Penso que a qualidade do filme se deve mais à atuação dos
atores principais do que ao seu roteiro, direção ou mesmo sua fotografia, que é
muito interessante, intercalando bons momentos sombrio à história que é
narrada. Meryl Streep com certeza concebe uma interpretação que mistura
angústia e alívio, em momentos marcados e eficientes, em situações fundamentais
a continuidade da trama. A atriz consegue realmente mostrar eficácia e paixão à
sua interpretação, basta vê-la como Sara, toda resignada e passional em
situações que realmente a estrangulam o tempo todo e não lhe permitem sair da
clausura moral na qual vive.
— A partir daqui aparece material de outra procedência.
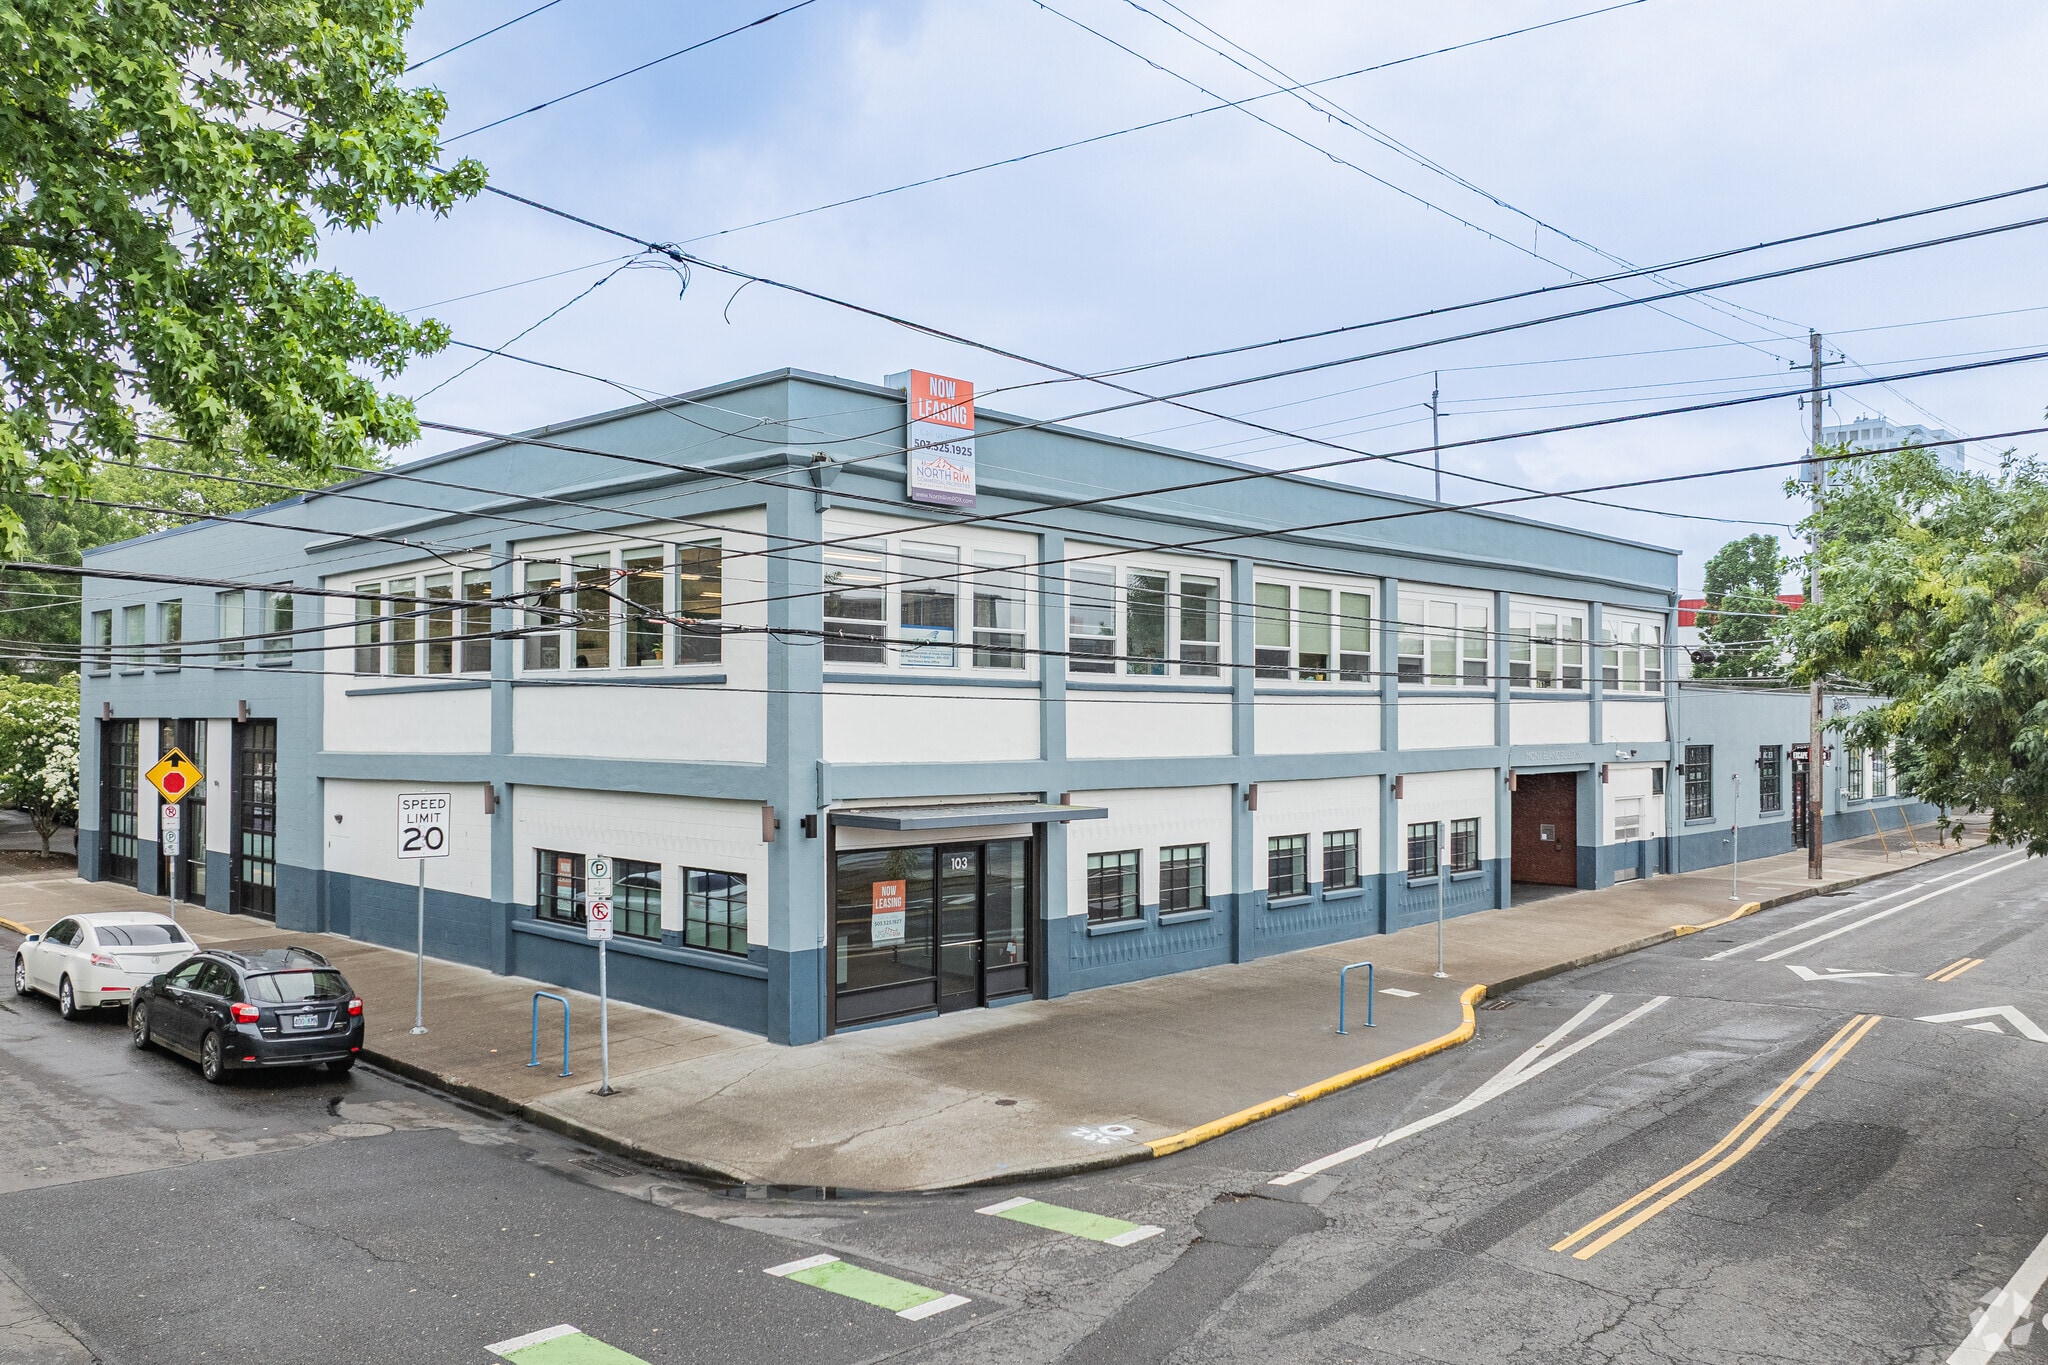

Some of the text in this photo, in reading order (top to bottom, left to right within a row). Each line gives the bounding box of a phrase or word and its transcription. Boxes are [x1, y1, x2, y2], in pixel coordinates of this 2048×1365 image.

[930, 377, 956, 400] NOW
[918, 398, 967, 425] LEASING
[916, 466, 970, 484] NORTH RIM
[402, 799, 446, 810] SPEED
[407, 812, 441, 823] LIMIT
[402, 826, 444, 852] 20
[595, 863, 604, 874] P
[951, 857, 968, 870] 103
[881, 885, 897, 896] NOW
[875, 896, 902, 910] LEASING
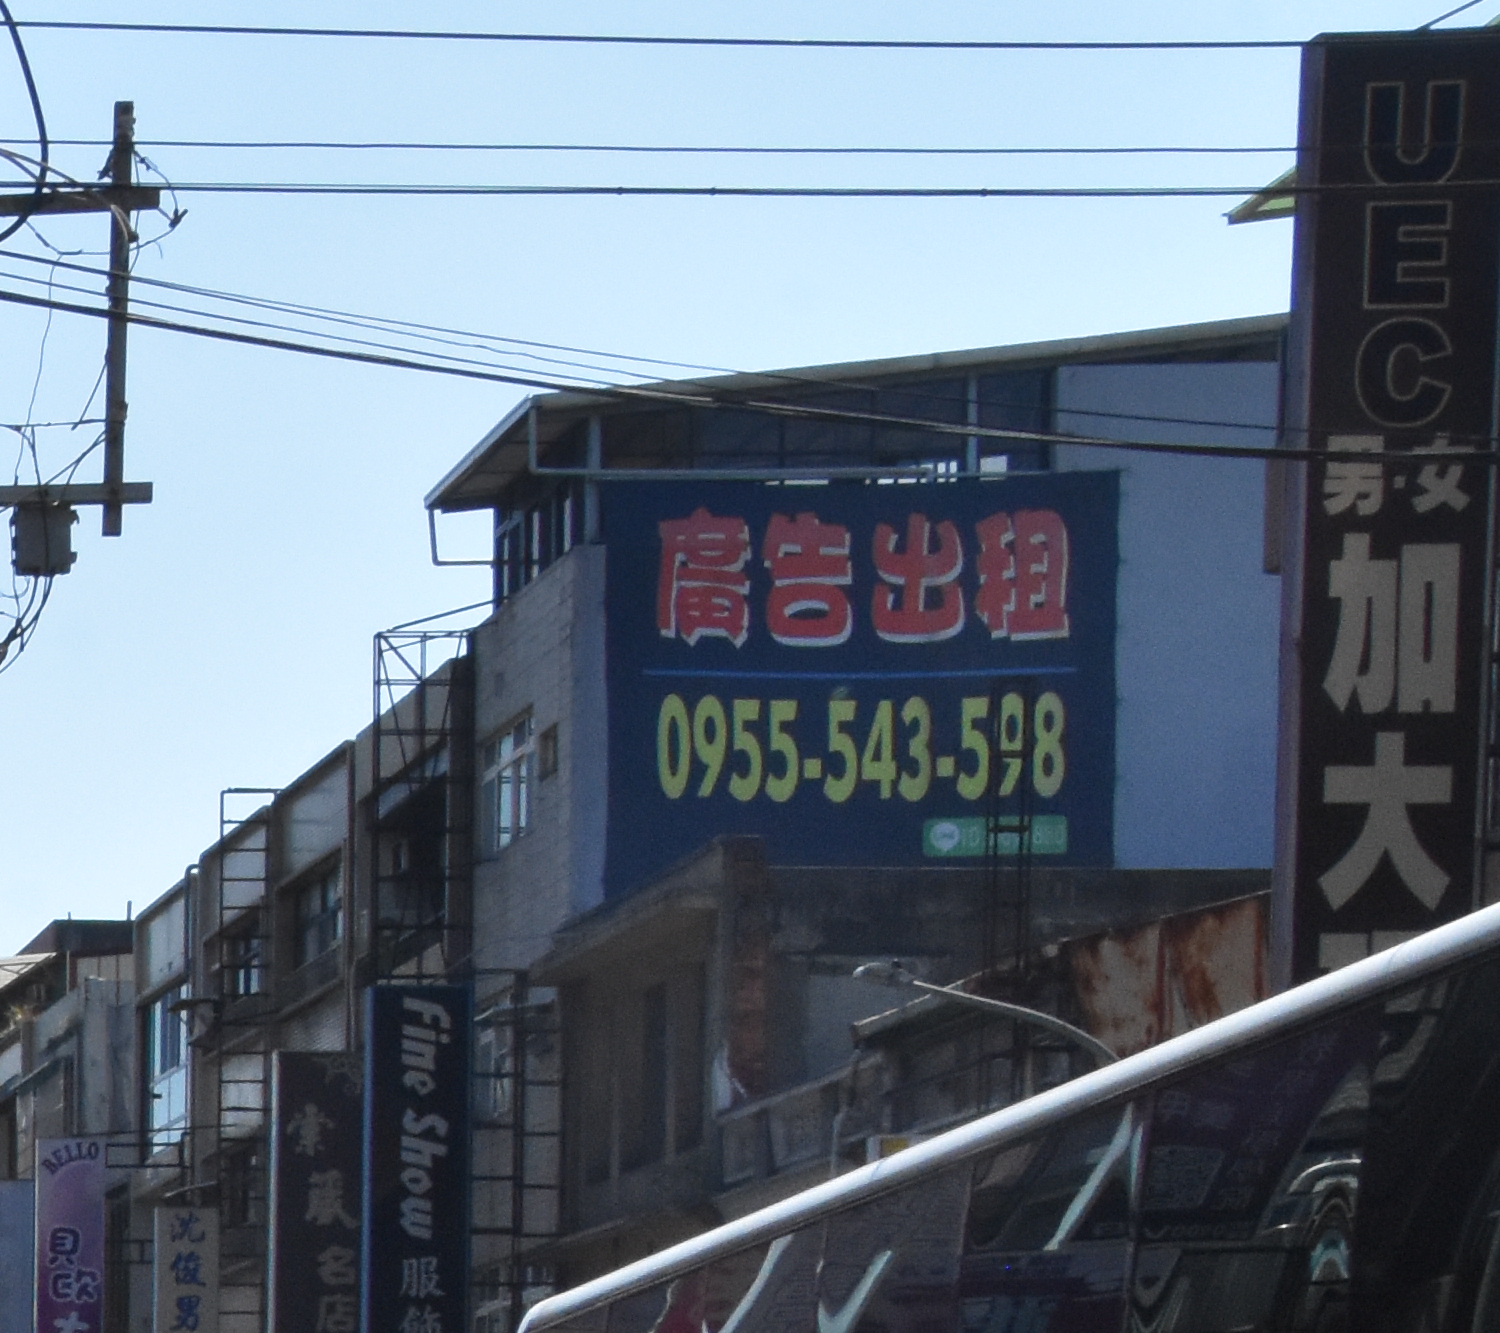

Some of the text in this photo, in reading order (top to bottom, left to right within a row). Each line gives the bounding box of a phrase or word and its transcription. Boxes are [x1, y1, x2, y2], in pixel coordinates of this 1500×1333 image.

Jeremy Irons também oferece uma interpretação
bastante sólida, principalmente como Charles, e faz o espectador compreender
perfeitamente a relação entre ele e Sara e o porquê de ele tão suavemente ceder
aos encantos daquela mulher misteriosa.
Não nego que meu principal atrativo pelo filme era
conhecer, a princípio, que conexões e faria entre as duas histórias mostradas e
de que forma as personagens do filme estrelados por Anna e Mike interfeririam
na vida dos atores. E é notável que parecem as histórias caminharem em sentidos
opostos: se a situação de Sara e Charles fica cada vez mais difícil, a situação
de Anna e Mika parece bastante fácil, apesar de ambos serem casados e, qual os
personagens no filme que rodam, não devessem por motivos morais estabelecer tão
comunhão.
A obra não é confusa, apesar das duas
narrativas, na abstração, se embaralharem. Digo “abstração”, porque é evidente
na trama que cada uma é muito distinta da outra, Karel Reisz fez questão de não
torná-las uma só justamente para que não se perdesse a estética de cada
subtrama. Mas é evidente que há um momento no qual as duas narrativas se unem,
associando-se – a última cena do filme nos prova isso. O diretor conseguiu
arrancar de seus atores excelentes interpretações e, mais do que isso,
conseguiu unir excelentes características ao filme – sua fotografia e direção
de arte são elogiáveis, basta ver as cenas que irremediavelmente nos remetem às
poesias bucólicas, com a melancolia crescente num misto de confidência e
apreciação em meio ao verde brando do bosque; também as cenas em que Sara fica
no caminho de pedras que leva ao mar, observando o mar, supostamente esperando
o amado regressar, apesar de saber impossível o seu retorno. Reisz realmente
nos trouxe uma obra pungente, que, embora com alguns problemas na execução da
parte final, consegue manter o espectador atento à trama, ansioso pelo que virá
depois, sem desgrudar os olhos, sobretudo, da excelência cênica de Meryl
Streep, irrepreensível. Se a trama não chamar a atenção, vale pelo menos para
conferir o desempenho do casal Streep-Irons, que realmente são a alma dessa
produção.
3 opiniões:
Ainda não assisti a este filme, mas todos dizem se tratar de uma das obras mais densas que a Meryl Streep já fez. A conferir ainda! Adorei seu texto!
Esse especial da Streep está realmente sensaional!! Também ainda não vi este filme, mas se Meryl tem uma boa atuação, então vale a pena!
Verei!
Pouca gente viu... O que é uma pena. Fica no meu TOP 10 de interpretações da Meryl!